Segment Start: DATA LISTING

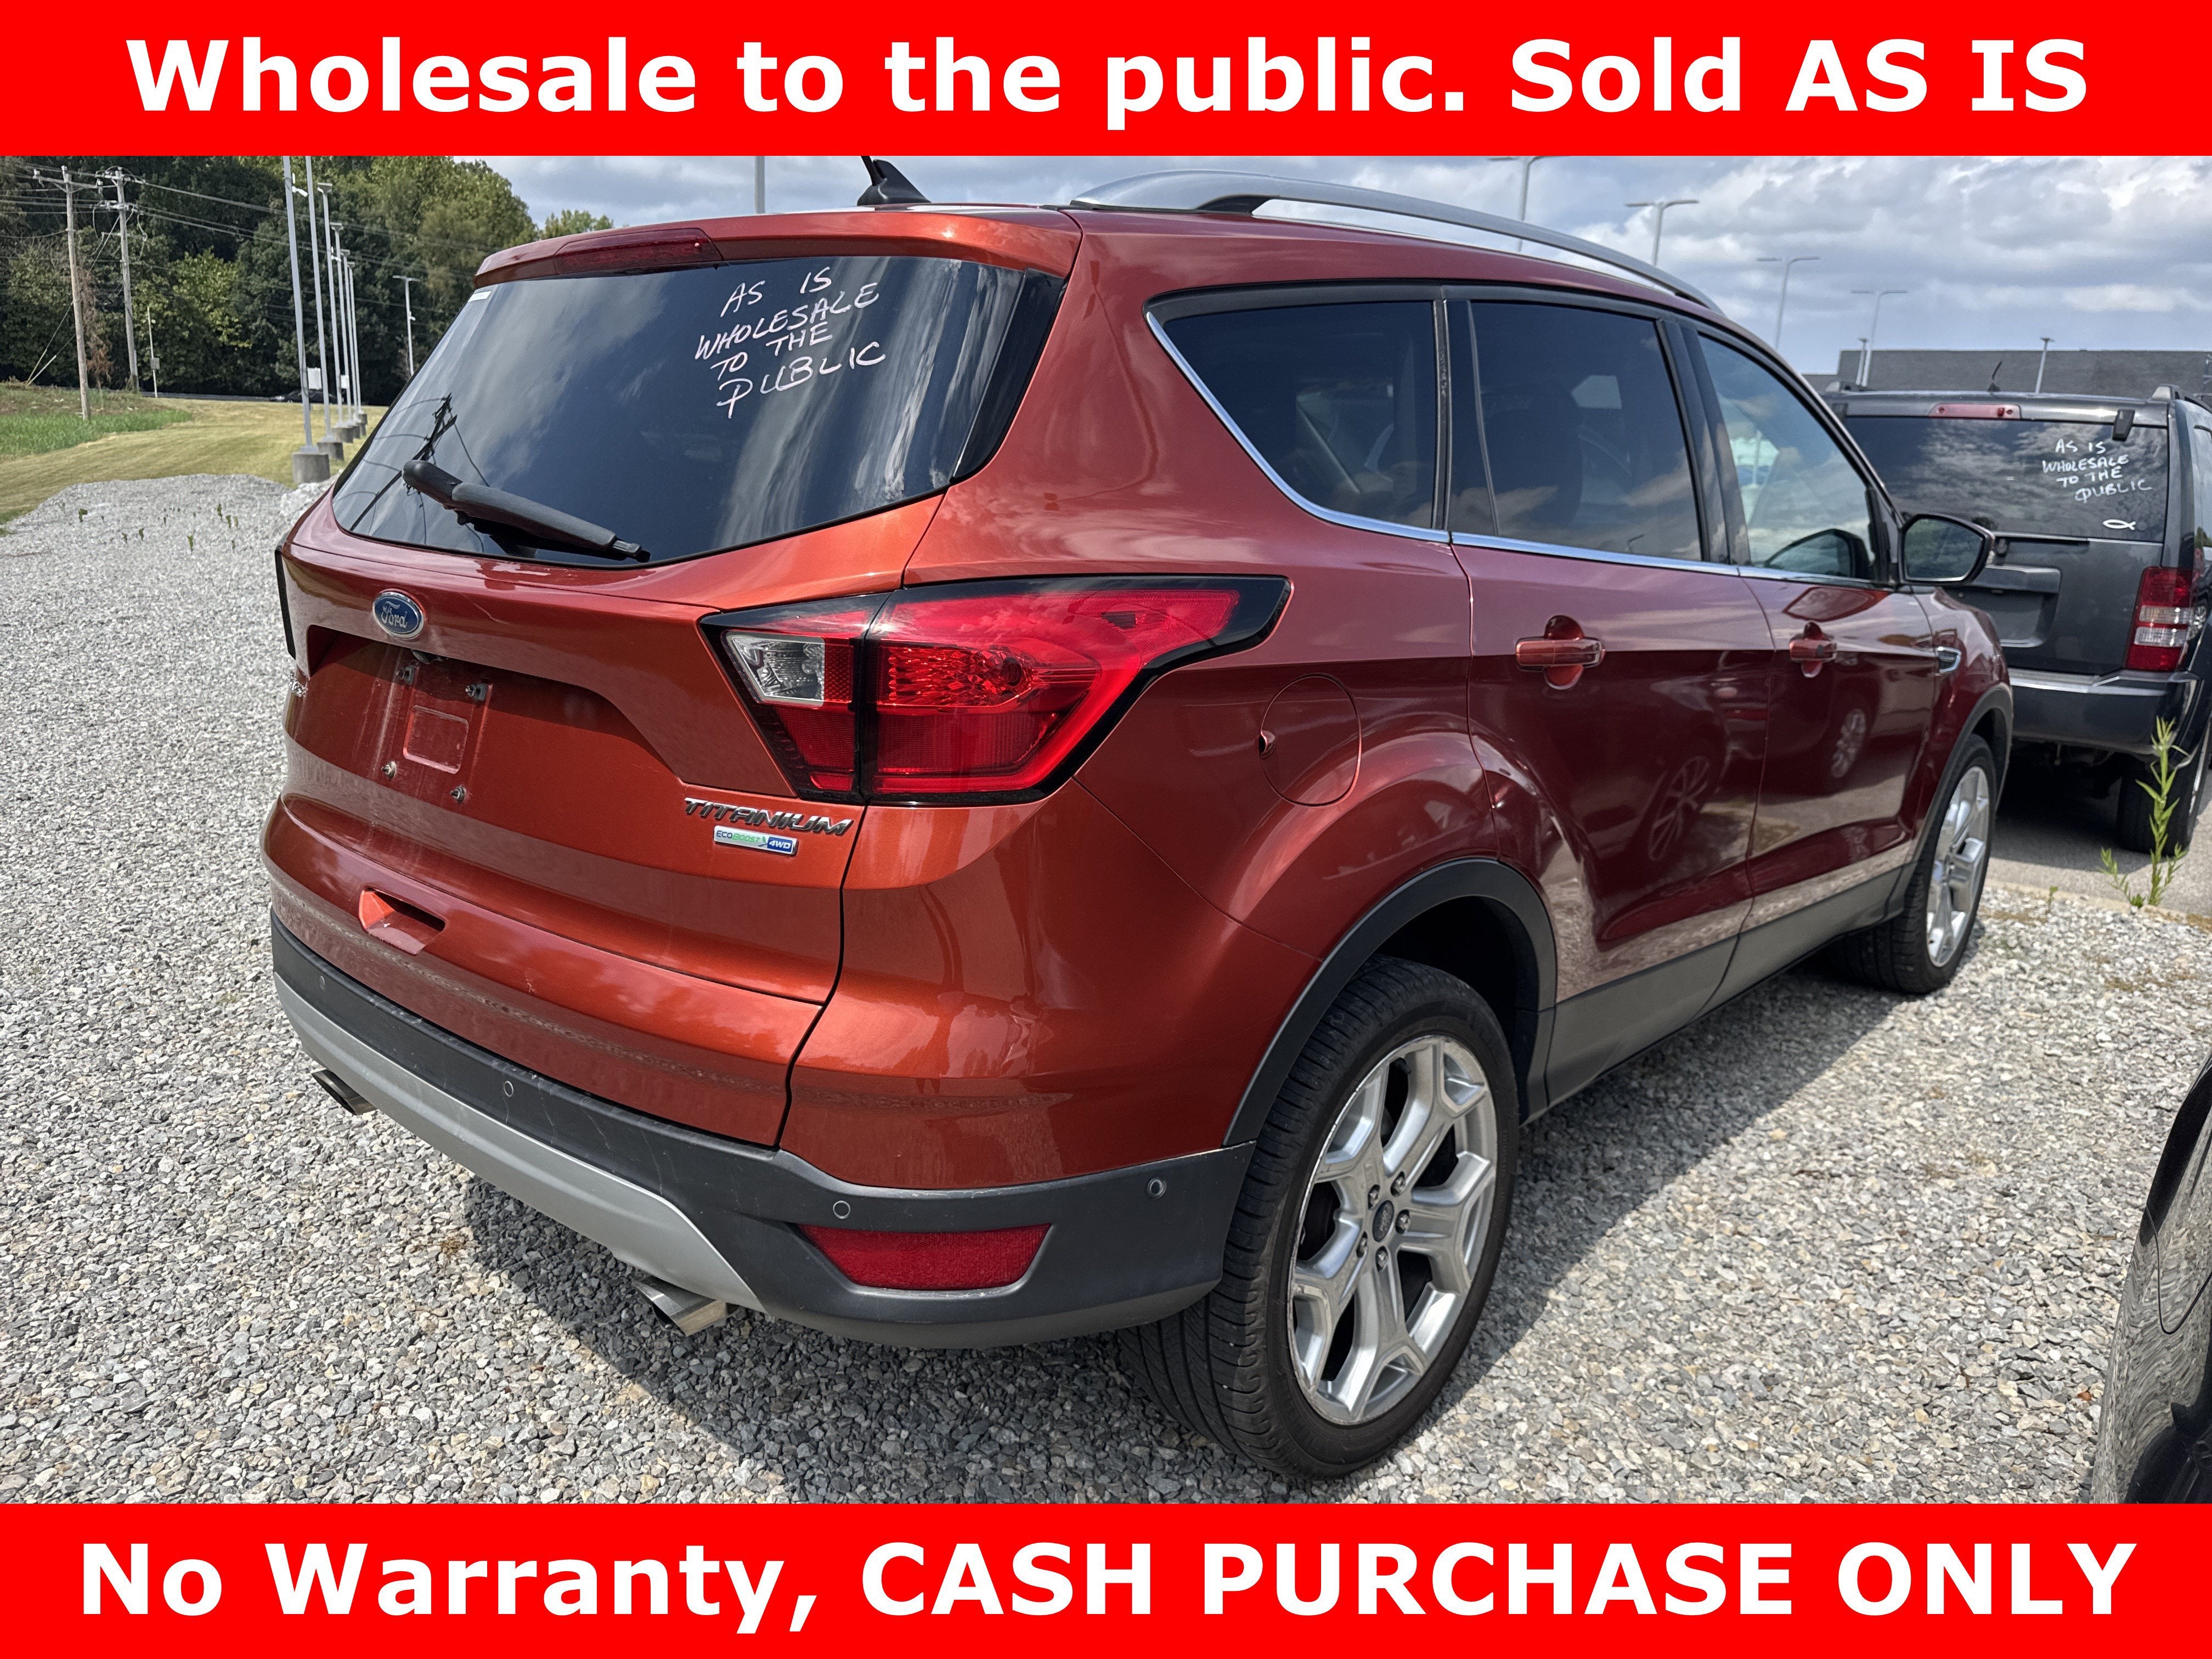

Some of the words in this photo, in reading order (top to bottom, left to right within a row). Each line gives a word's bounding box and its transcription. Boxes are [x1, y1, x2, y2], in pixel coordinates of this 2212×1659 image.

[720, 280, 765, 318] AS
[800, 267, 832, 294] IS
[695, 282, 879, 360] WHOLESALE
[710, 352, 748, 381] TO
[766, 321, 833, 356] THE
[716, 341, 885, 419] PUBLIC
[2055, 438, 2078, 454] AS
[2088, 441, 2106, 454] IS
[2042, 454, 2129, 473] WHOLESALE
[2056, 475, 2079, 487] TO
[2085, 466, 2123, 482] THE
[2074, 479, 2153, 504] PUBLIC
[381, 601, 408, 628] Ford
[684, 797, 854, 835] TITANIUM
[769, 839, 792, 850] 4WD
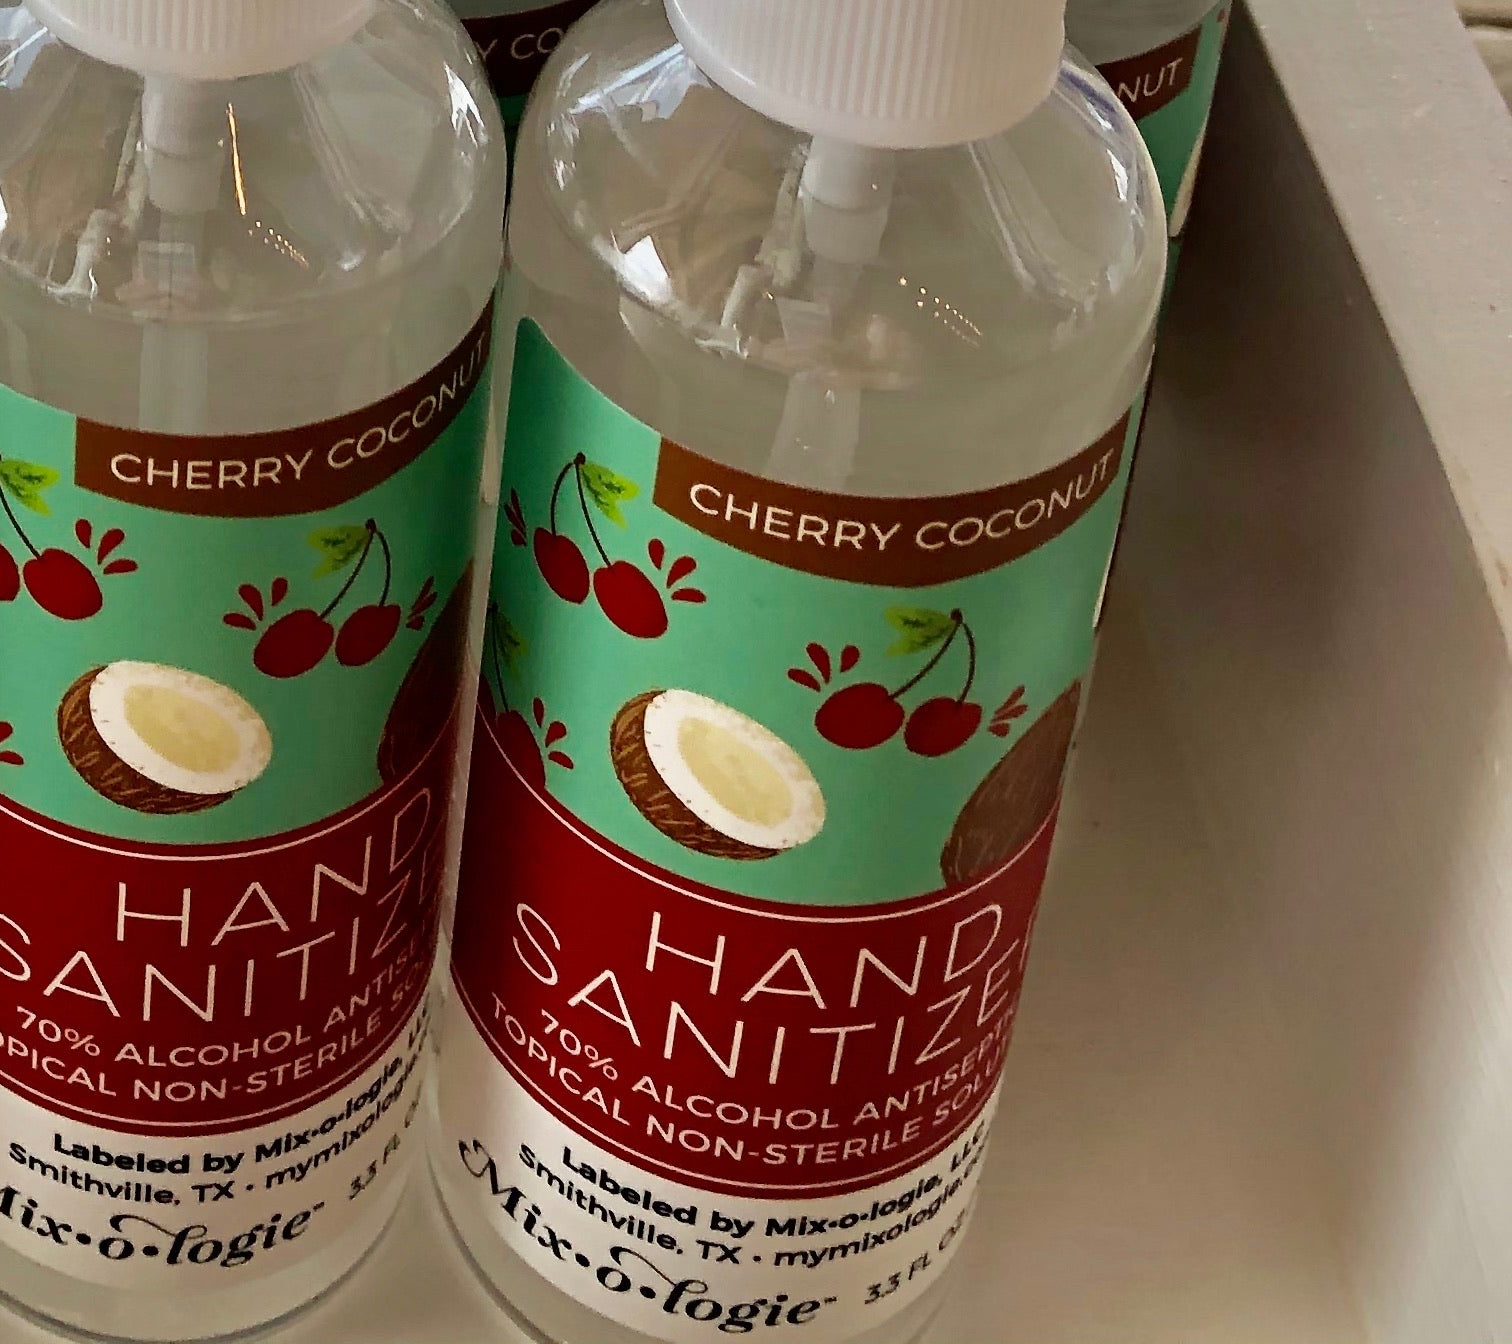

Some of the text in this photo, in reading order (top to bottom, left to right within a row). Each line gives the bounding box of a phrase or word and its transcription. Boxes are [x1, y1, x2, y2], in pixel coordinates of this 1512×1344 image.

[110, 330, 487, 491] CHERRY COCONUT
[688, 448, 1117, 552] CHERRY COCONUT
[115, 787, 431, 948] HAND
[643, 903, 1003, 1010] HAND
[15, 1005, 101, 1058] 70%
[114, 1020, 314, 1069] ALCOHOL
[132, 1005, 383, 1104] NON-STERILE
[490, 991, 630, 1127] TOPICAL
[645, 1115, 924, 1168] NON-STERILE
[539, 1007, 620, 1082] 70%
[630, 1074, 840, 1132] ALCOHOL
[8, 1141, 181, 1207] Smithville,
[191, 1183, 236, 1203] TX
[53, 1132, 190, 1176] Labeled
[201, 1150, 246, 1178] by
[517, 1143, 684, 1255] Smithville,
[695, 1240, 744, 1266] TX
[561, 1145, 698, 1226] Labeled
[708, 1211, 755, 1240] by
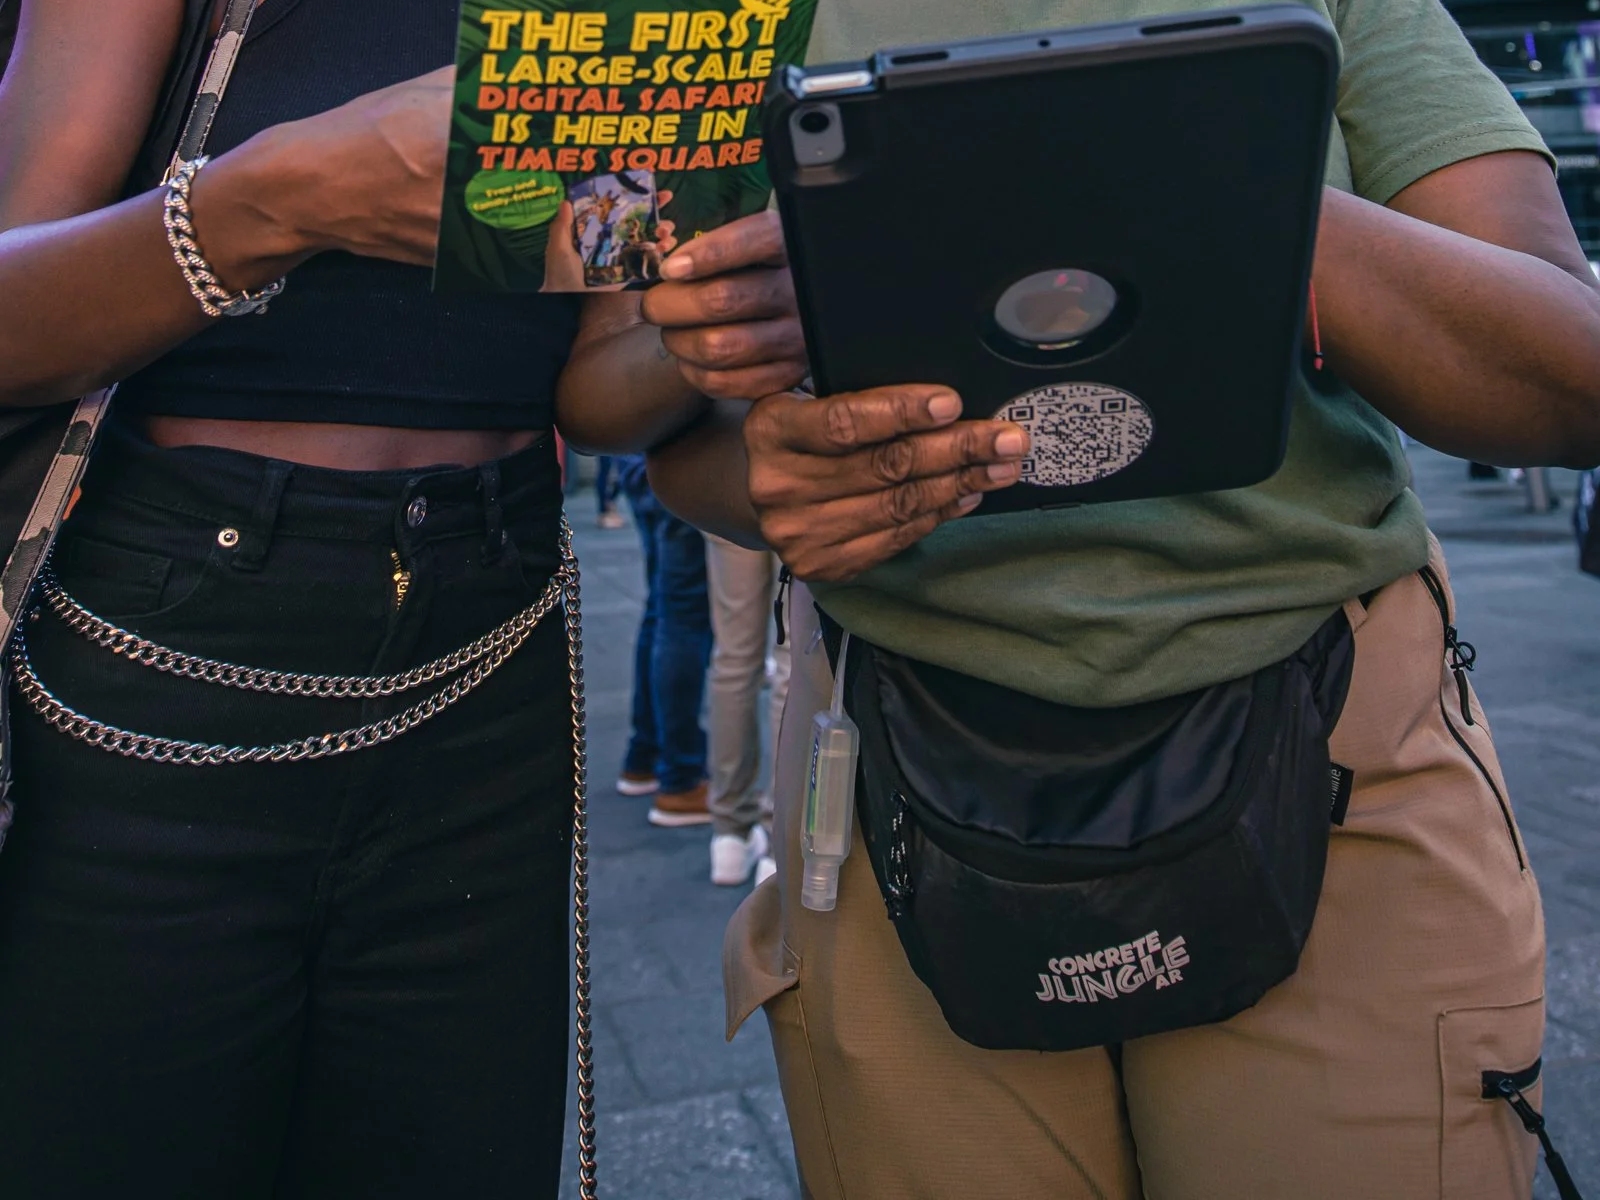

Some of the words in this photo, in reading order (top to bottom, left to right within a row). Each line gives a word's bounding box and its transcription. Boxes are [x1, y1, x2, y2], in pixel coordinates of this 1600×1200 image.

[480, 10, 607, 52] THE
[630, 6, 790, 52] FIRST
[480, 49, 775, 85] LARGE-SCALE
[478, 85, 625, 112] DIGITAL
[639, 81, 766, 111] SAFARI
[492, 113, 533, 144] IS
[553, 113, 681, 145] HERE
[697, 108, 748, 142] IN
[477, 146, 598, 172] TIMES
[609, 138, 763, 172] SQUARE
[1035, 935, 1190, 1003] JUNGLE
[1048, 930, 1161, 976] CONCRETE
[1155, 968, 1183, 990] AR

Segment End: DATA LISTING

TASK: Give the listing above again in its entirety, exactly as written and free of images.

FINISHED TASK:
Some of the words in this photo, in reading order (top to bottom, left to right within a row). Each line gives a word's bounding box and its transcription. Boxes are [x1, y1, x2, y2], in pixel coordinates of this 2212×1659 image.

[720, 280, 765, 318] AS
[800, 267, 832, 294] IS
[695, 282, 879, 360] WHOLESALE
[710, 352, 748, 381] TO
[766, 321, 833, 356] THE
[716, 341, 885, 419] PUBLIC
[2055, 438, 2078, 454] AS
[2088, 441, 2106, 454] IS
[2042, 454, 2129, 473] WHOLESALE
[2056, 475, 2079, 487] TO
[2085, 466, 2123, 482] THE
[2074, 479, 2153, 504] PUBLIC
[381, 601, 408, 628] Ford
[684, 797, 854, 835] TITANIUM
[769, 839, 792, 850] 4WD

Some of the text in this photo, in reading order (top to bottom, left to right within a row). Each line gives the bounding box of a phrase or word and its transcription. Boxes are [x1, y1, x2, y2], in pixel coordinates of this 1512×1344 image.

[110, 330, 487, 491] CHERRY COCONUT
[688, 448, 1117, 552] CHERRY COCONUT
[115, 787, 431, 948] HAND
[643, 903, 1003, 1010] HAND
[15, 1005, 101, 1058] 70%
[114, 1020, 314, 1069] ALCOHOL
[132, 1005, 383, 1104] NON-STERILE
[490, 991, 630, 1127] TOPICAL
[645, 1115, 924, 1168] NON-STERILE
[539, 1007, 620, 1082] 70%
[630, 1074, 840, 1132] ALCOHOL
[8, 1141, 181, 1207] Smithville,
[191, 1183, 236, 1203] TX
[53, 1132, 190, 1176] Labeled
[201, 1150, 246, 1178] by
[517, 1143, 684, 1255] Smithville,
[695, 1240, 744, 1266] TX
[561, 1145, 698, 1226] Labeled
[708, 1211, 755, 1240] by

Some of the words in this photo, in reading order (top to bottom, left to right within a row). Each line gives a word's bounding box and its transcription. Boxes are [x1, y1, x2, y2], in pixel coordinates of this 1600×1200 image.

[480, 10, 607, 52] THE
[630, 6, 790, 52] FIRST
[480, 49, 775, 85] LARGE-SCALE
[478, 85, 625, 112] DIGITAL
[639, 81, 766, 111] SAFARI
[492, 113, 533, 144] IS
[553, 113, 681, 145] HERE
[697, 108, 748, 142] IN
[477, 146, 598, 172] TIMES
[609, 138, 763, 172] SQUARE
[1035, 935, 1190, 1003] JUNGLE
[1048, 930, 1161, 976] CONCRETE
[1155, 968, 1183, 990] AR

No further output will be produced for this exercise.